Case in point: In New York City, a group of anonymous mischief-makers calling themselves the Department of Transformation have been placing rows of orange traffic cones along the edge of painted bike lanes that drivers tend to park and drive in. With the cones in place, drivers stay out of the lane. It sends a message to the traffic engineers at the New York City Department of Transportation that those bike lanes should be protected.
From Santiago to Miami, tactical urbanists have developed and tested a diverse toolbox of everyday objects that make passersby think twice about how we use public space.
Taking a cue from summer block parties marked by a car parked horizontally across the street, tactical urbanists change behavior with unofficial blockades, using traffic cones to mark where cars aren’t welcome.

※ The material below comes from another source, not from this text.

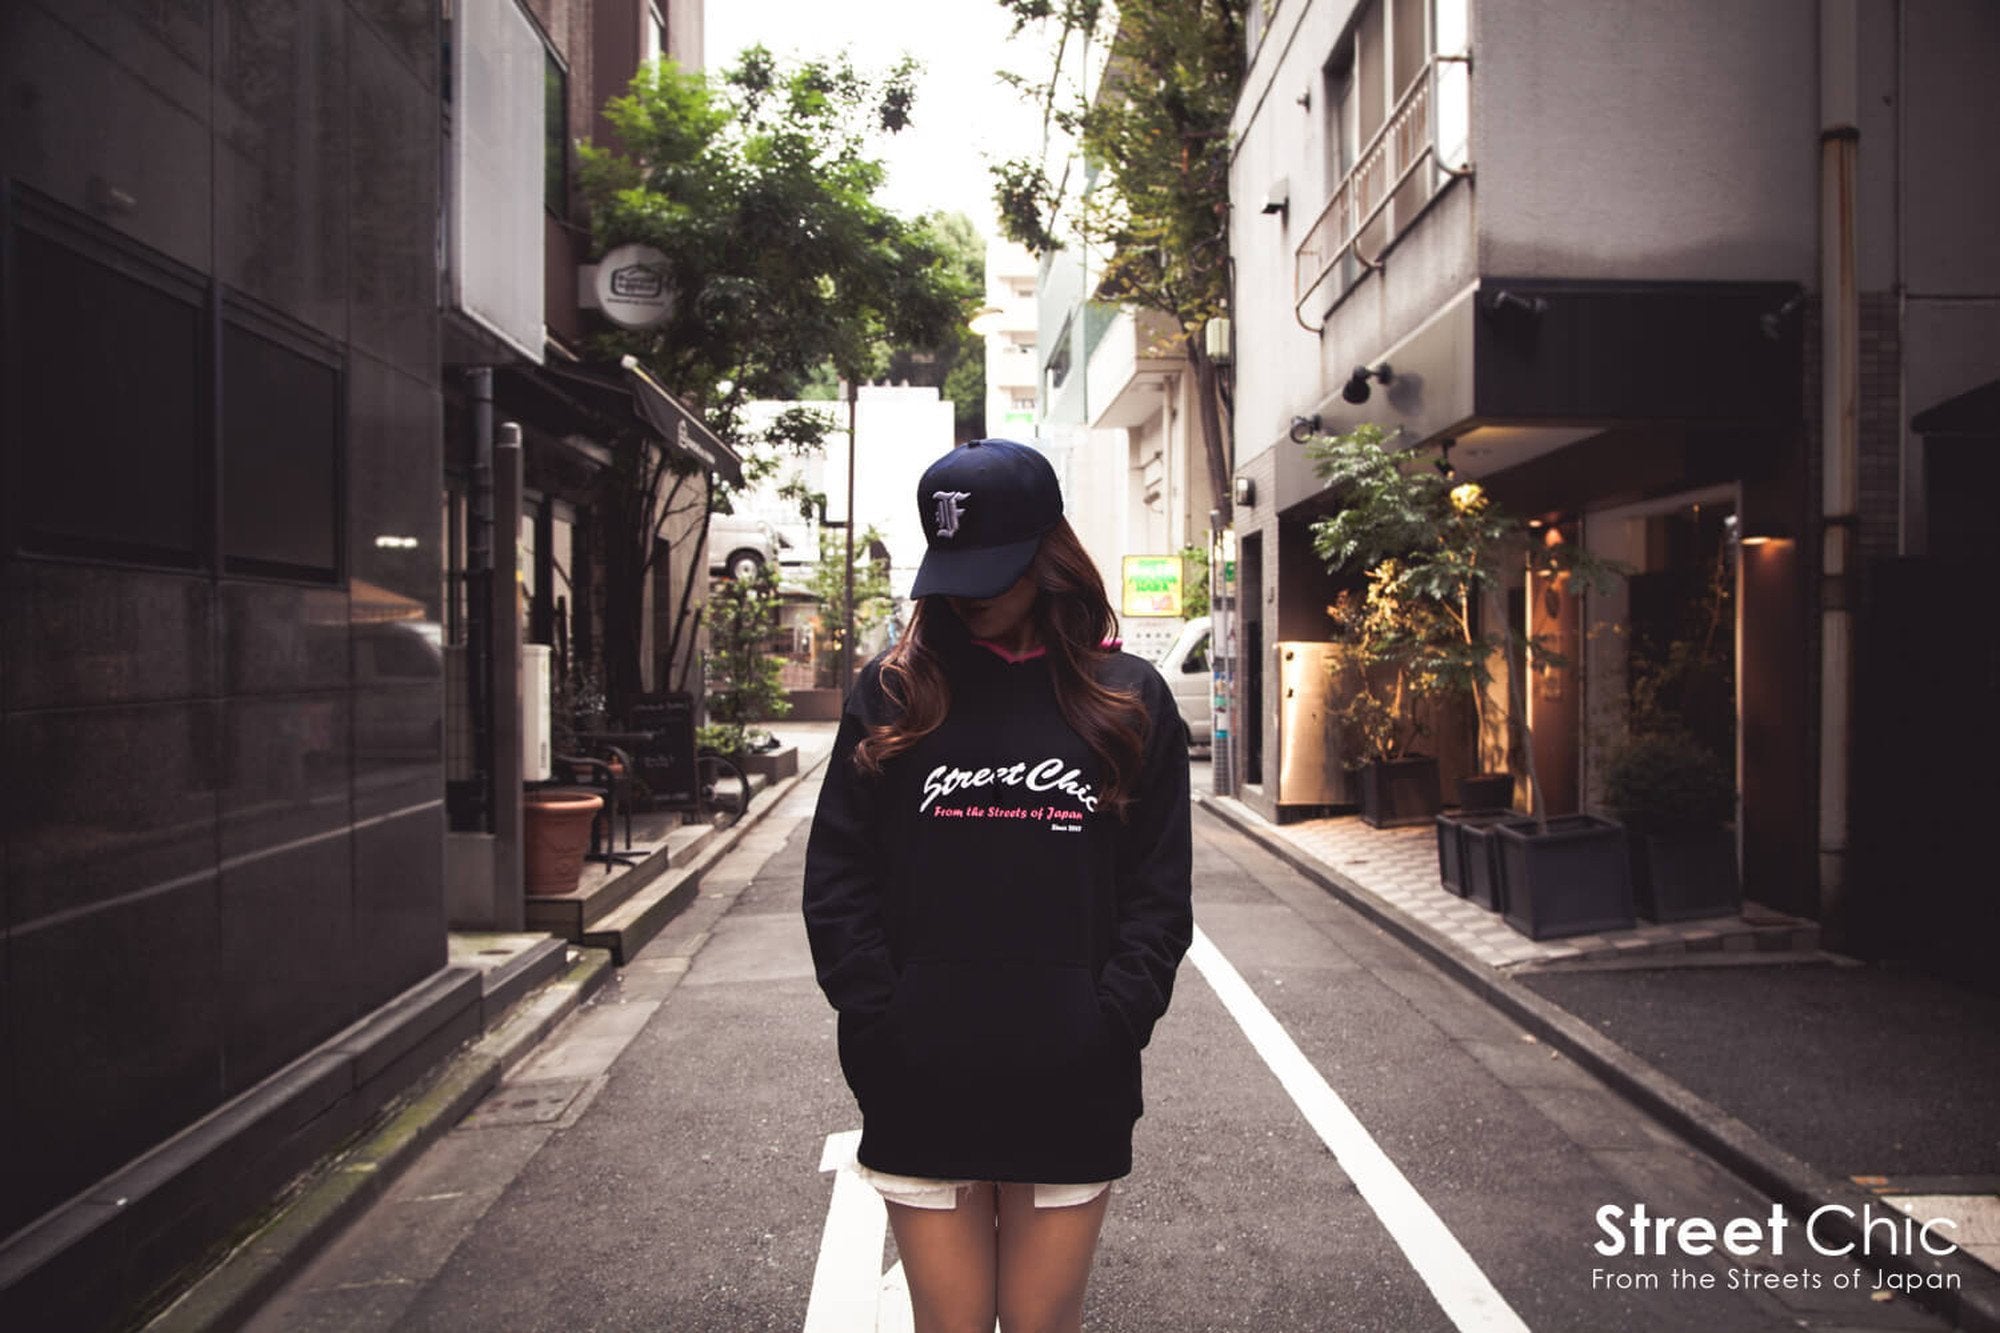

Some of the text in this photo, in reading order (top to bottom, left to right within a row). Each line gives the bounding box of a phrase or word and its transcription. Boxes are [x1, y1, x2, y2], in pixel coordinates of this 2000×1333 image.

Tactical urbanists in Chile have used green paint to lay down temporary bike lanes; the lanes were packed, and eventually made permanent. From New York to Sydney, white paint helps old bicycles become powerful roadside memorials.
The urban planners at New York City’s Department of Transportation use plants and planters as a quick curb extension, forcing drivers to turn slowly. Anything that can hold soil could be a planter, even an old tire or a five-gallon bucket.
Got something to say? D.I.Y. street signs and sidewalk A-frames are tactical urbanists’ favorite choice to ask drivers to slow down, gather perspectives on the speed limit, or make people notice an unsafe condition.
Tactical urbanists in Williamsburg, Brooklyn, have been known to roll sod across Bedford Avenue. That bit of green helps people see how the street could be better utilized, and quickly inspires folks to take off their shoes and stay awhile.
There’s a rectangle of public space outside of every apartment. Sure, there’s usually a car in it — but tactical urbanists in San Francisco learned that if they arrive first, a parking space can be their “park” for the day. Just don’t forget to relocate before the street sweepers arrive!
Add a burst of color by scattering flower seeds. In Miami, tactical urbanists use neon spray paint to turn overgrown sidewalk weeds into public art. In England, they grow moss into letter shapes for a form of green graffiti.
Scrap wood, or milk crates and zip ties, can be used to build chairs. The earliest version of Times Square’s public plaza was stocked with cheap lawn loungers. One chair is a seat, but two chairs is public space!
Obstructing traffic and defacing public property is illegal and not endorsed by Transportation Alternatives. Transportation Alternatives does not condone the Department of Transformation, nor do we have any idea who they are.